— WHAT TO WORK ON —
Copy each record below exactly, please, and leave its pictures out.
------------------------------
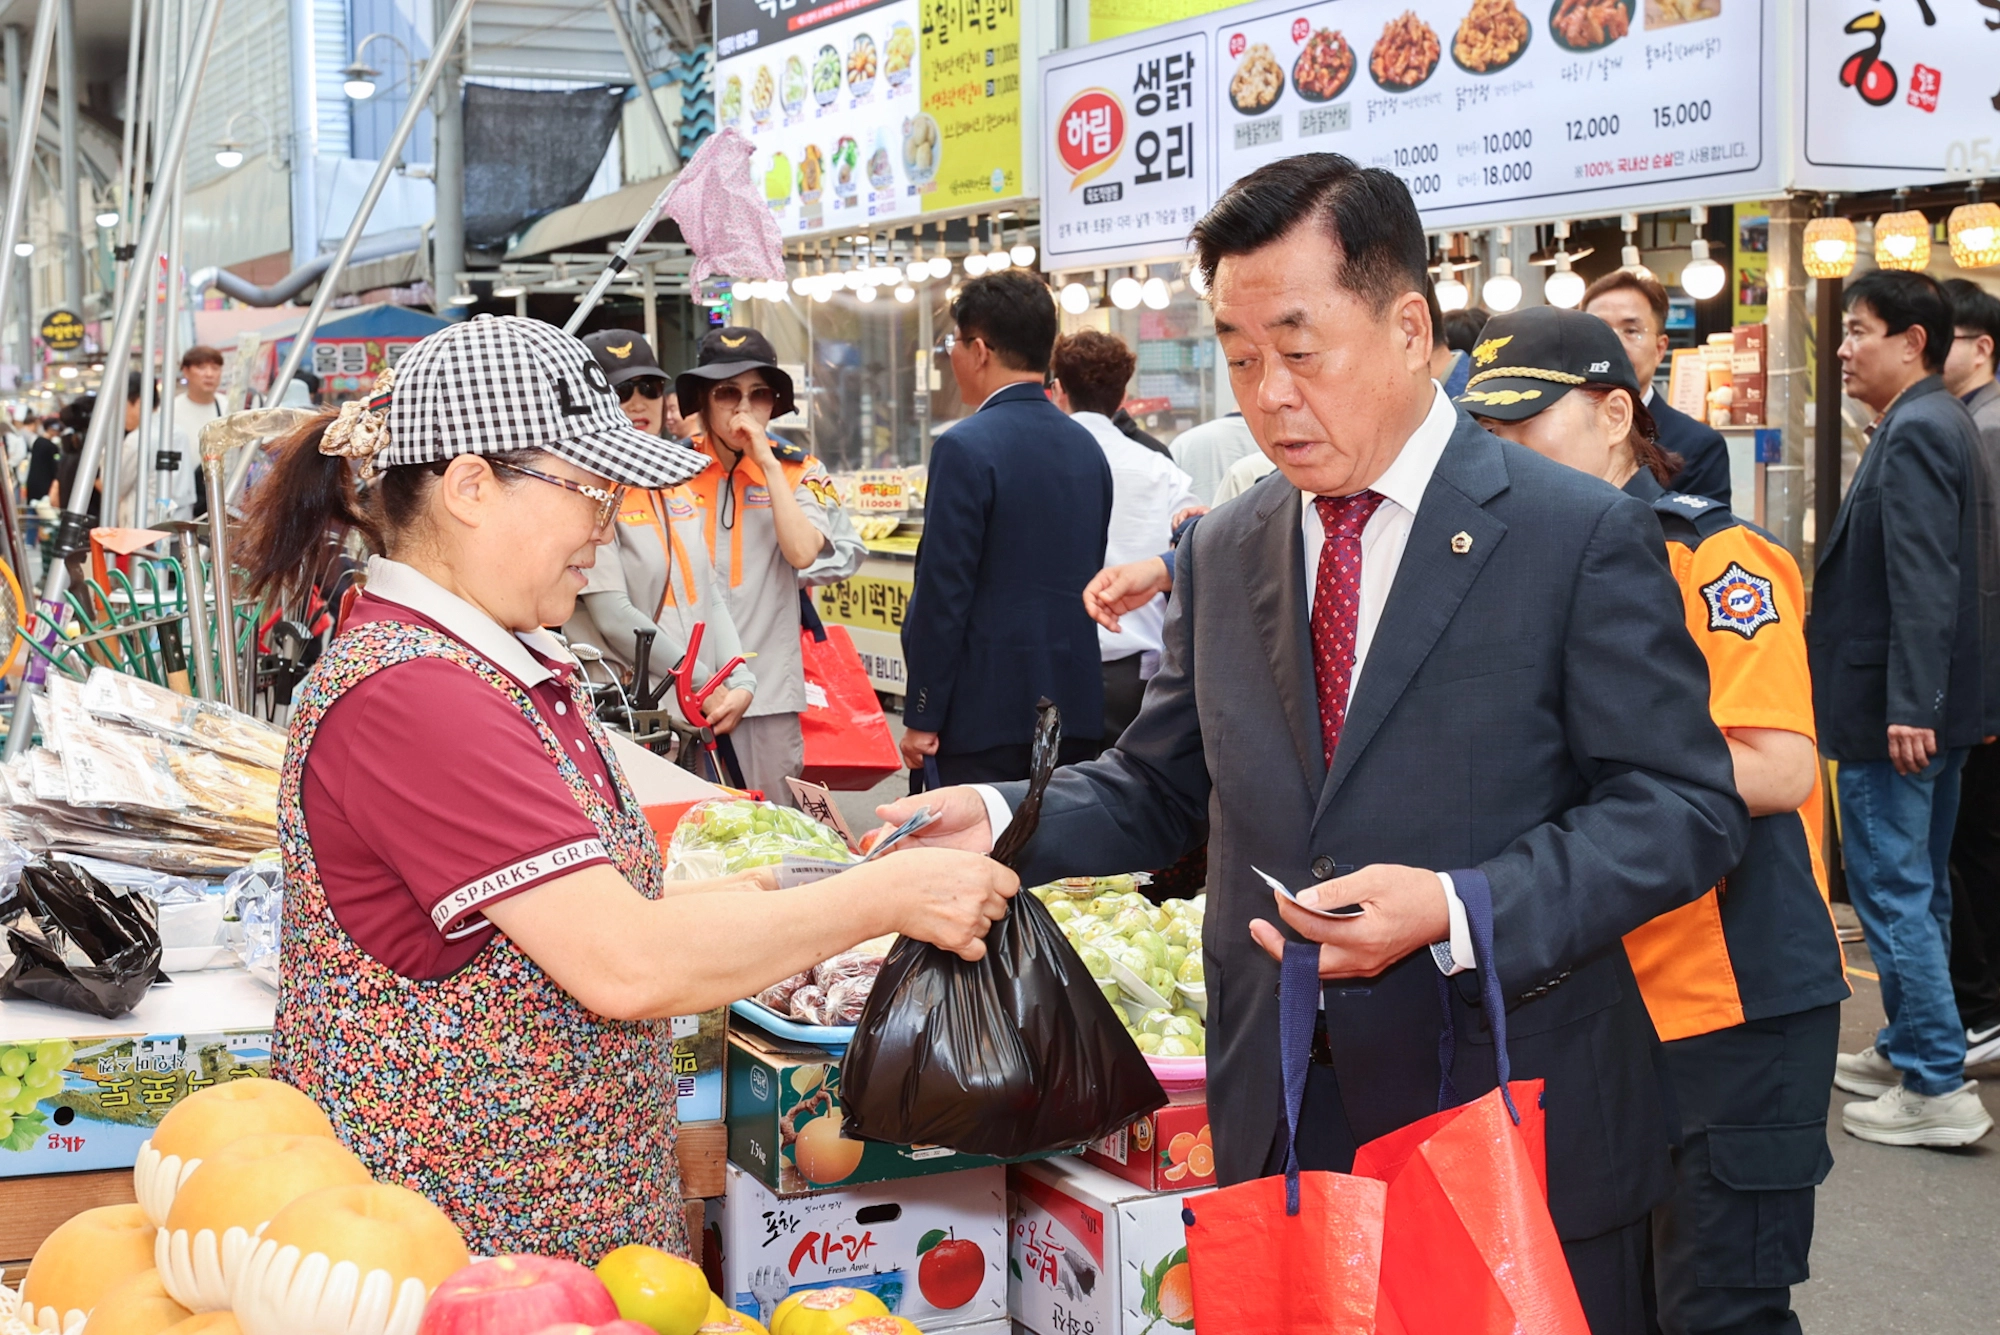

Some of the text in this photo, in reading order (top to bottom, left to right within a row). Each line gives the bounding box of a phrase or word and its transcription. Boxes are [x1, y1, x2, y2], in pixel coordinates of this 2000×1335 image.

[1134, 51, 1194, 116] 생닭
[1066, 104, 1111, 156] 하림
[1566, 114, 1620, 141] 12,000
[1653, 99, 1711, 128] 15,000
[1134, 122, 1194, 186] 오리
[1394, 143, 1438, 167] 10,000
[1483, 128, 1532, 154] 10,000
[1618, 155, 1649, 173] 국내산
[1688, 141, 1748, 164] 사용합니다.
[1945, 138, 2000, 179] 05
[1483, 161, 1532, 186] 18,000
[821, 580, 908, 627] 용철이떡갈
[454, 861, 540, 908] SPARKS
[48, 1133, 86, 1152] 4kg
[762, 1210, 801, 1248] 포항
[788, 1231, 878, 1278] 사과
[828, 1263, 870, 1275] Fresh Apple
------------------------------
— ANSWER BOX —
Some of the text in this photo, in reading order (top to bottom, left to right within a row). Each line gives the bounding box of a phrase or word and its transcription. Boxes are [x1, y1, x2, y2], in pixel coordinates of this 2000×1335 image.

[1134, 51, 1194, 116] 생닭
[1066, 104, 1111, 156] 하림
[1566, 114, 1620, 141] 12,000
[1653, 99, 1711, 128] 15,000
[1134, 122, 1194, 186] 오리
[1394, 143, 1438, 167] 10,000
[1483, 128, 1532, 154] 10,000
[1618, 155, 1649, 173] 국내산
[1688, 141, 1748, 164] 사용합니다.
[1945, 138, 2000, 179] 05
[1483, 161, 1532, 186] 18,000
[821, 580, 908, 627] 용철이떡갈
[454, 861, 540, 908] SPARKS
[48, 1133, 86, 1152] 4kg
[762, 1210, 801, 1248] 포항
[788, 1231, 878, 1278] 사과
[828, 1263, 870, 1275] Fresh Apple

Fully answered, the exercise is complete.